[EXERCISE PROMPT]:
Return the records word for word. Pictures do not belong in the copy.

Image-backed grounding data
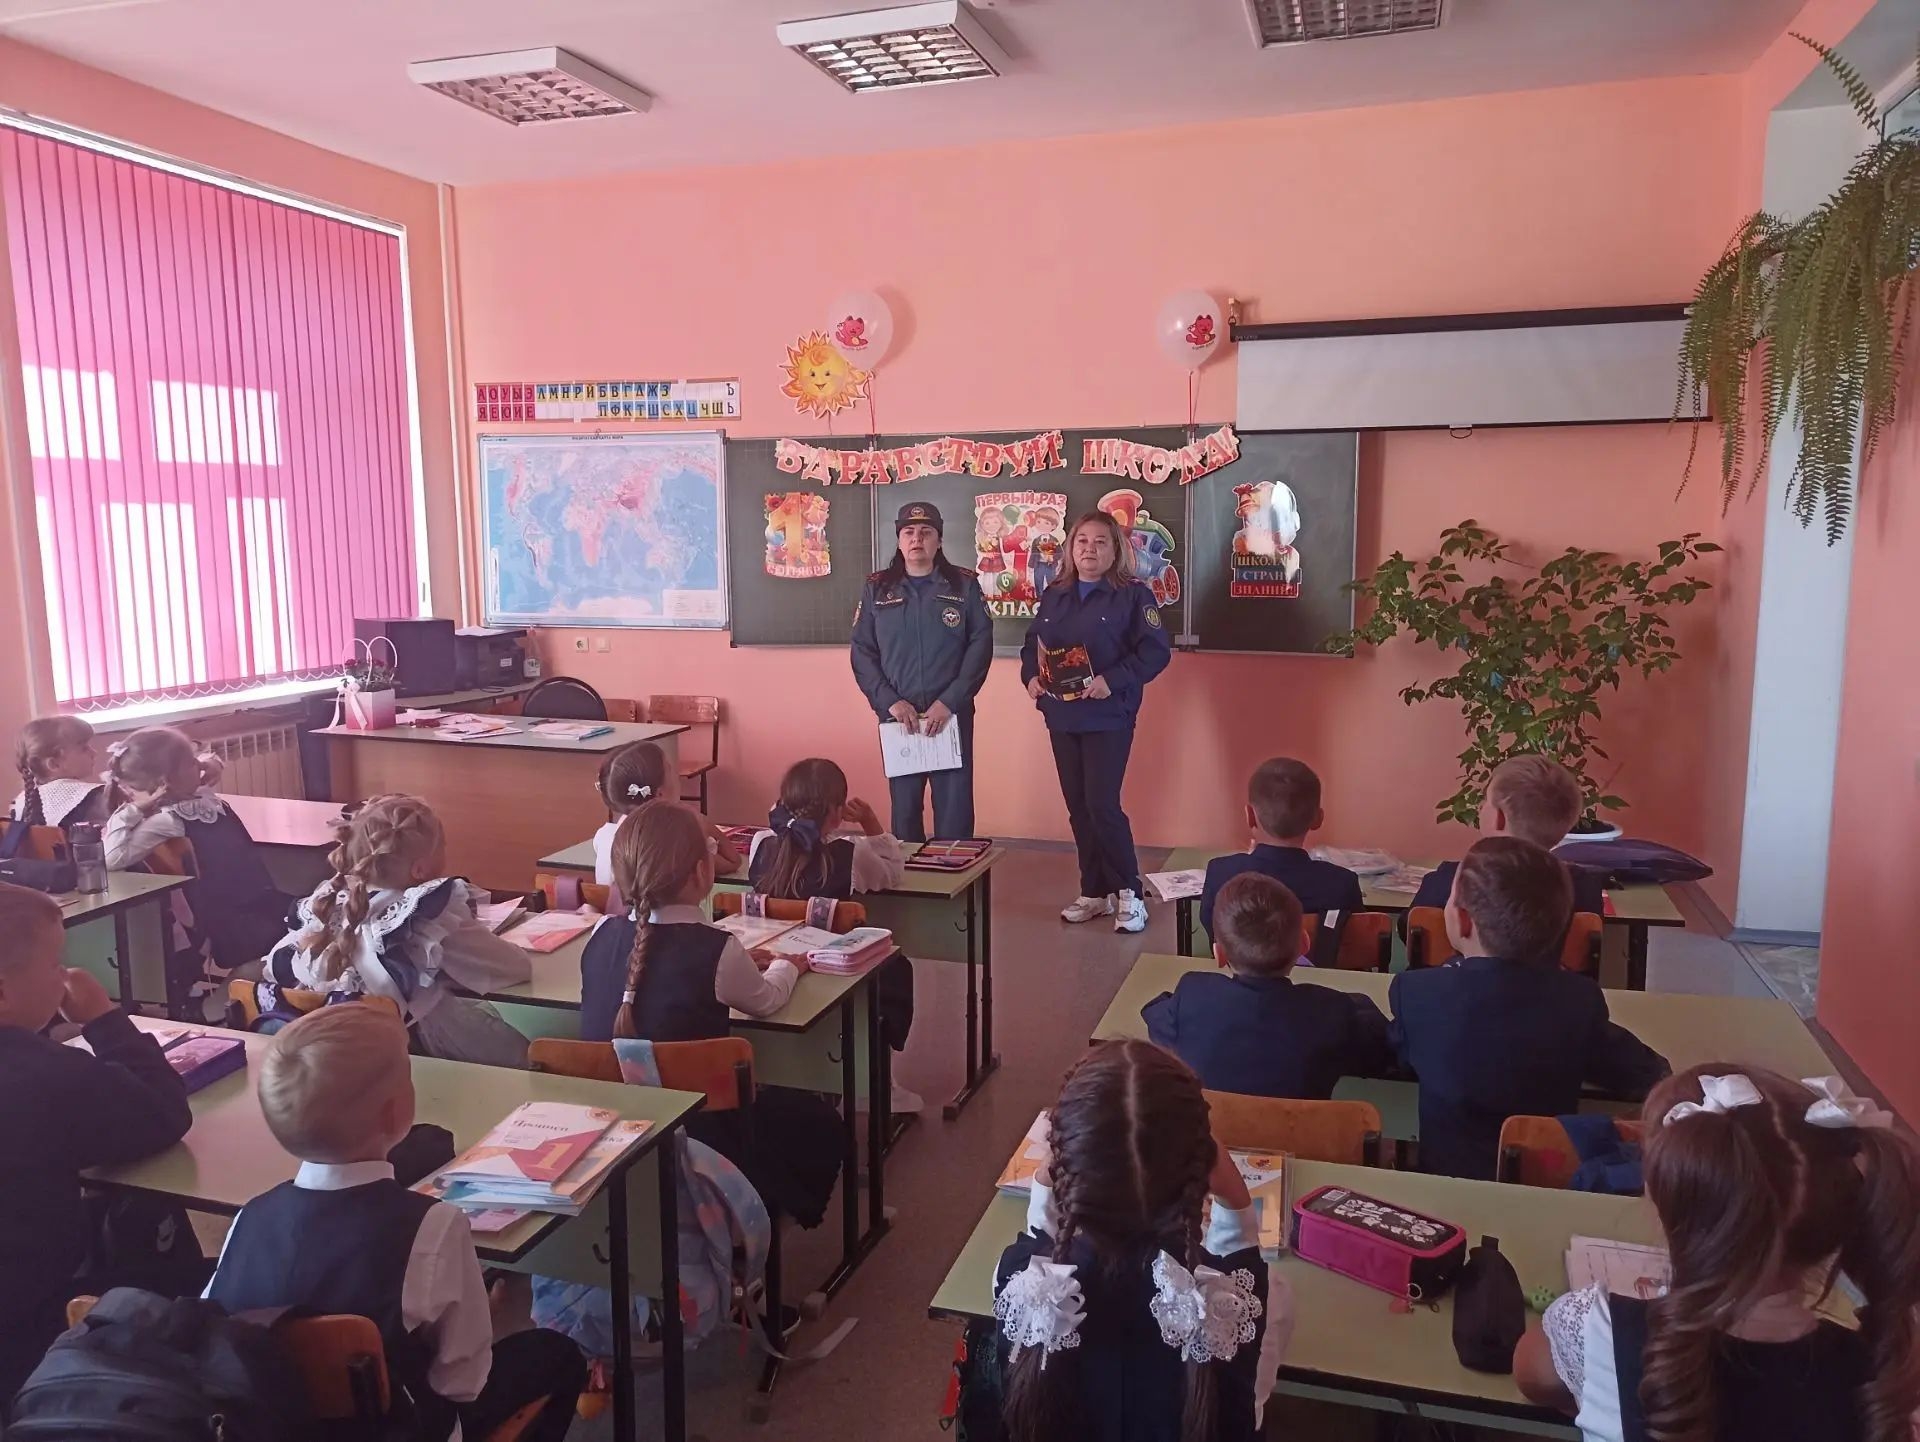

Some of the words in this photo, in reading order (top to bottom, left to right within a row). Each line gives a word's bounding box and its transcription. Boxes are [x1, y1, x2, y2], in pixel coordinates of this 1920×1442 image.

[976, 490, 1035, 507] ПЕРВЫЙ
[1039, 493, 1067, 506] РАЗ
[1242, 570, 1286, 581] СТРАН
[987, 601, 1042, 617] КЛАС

[RESULT OF THE EXERCISE]:
Some of the words in this photo, in reading order (top to bottom, left to right within a row). Each line gives a word's bounding box and its transcription. Boxes are [x1, y1, x2, y2], in pixel coordinates of this 1920×1442 image.

[976, 490, 1035, 507] ПЕРВЫЙ
[1039, 493, 1067, 506] РАЗ
[1242, 570, 1286, 581] СТРАН
[987, 601, 1042, 617] КЛАС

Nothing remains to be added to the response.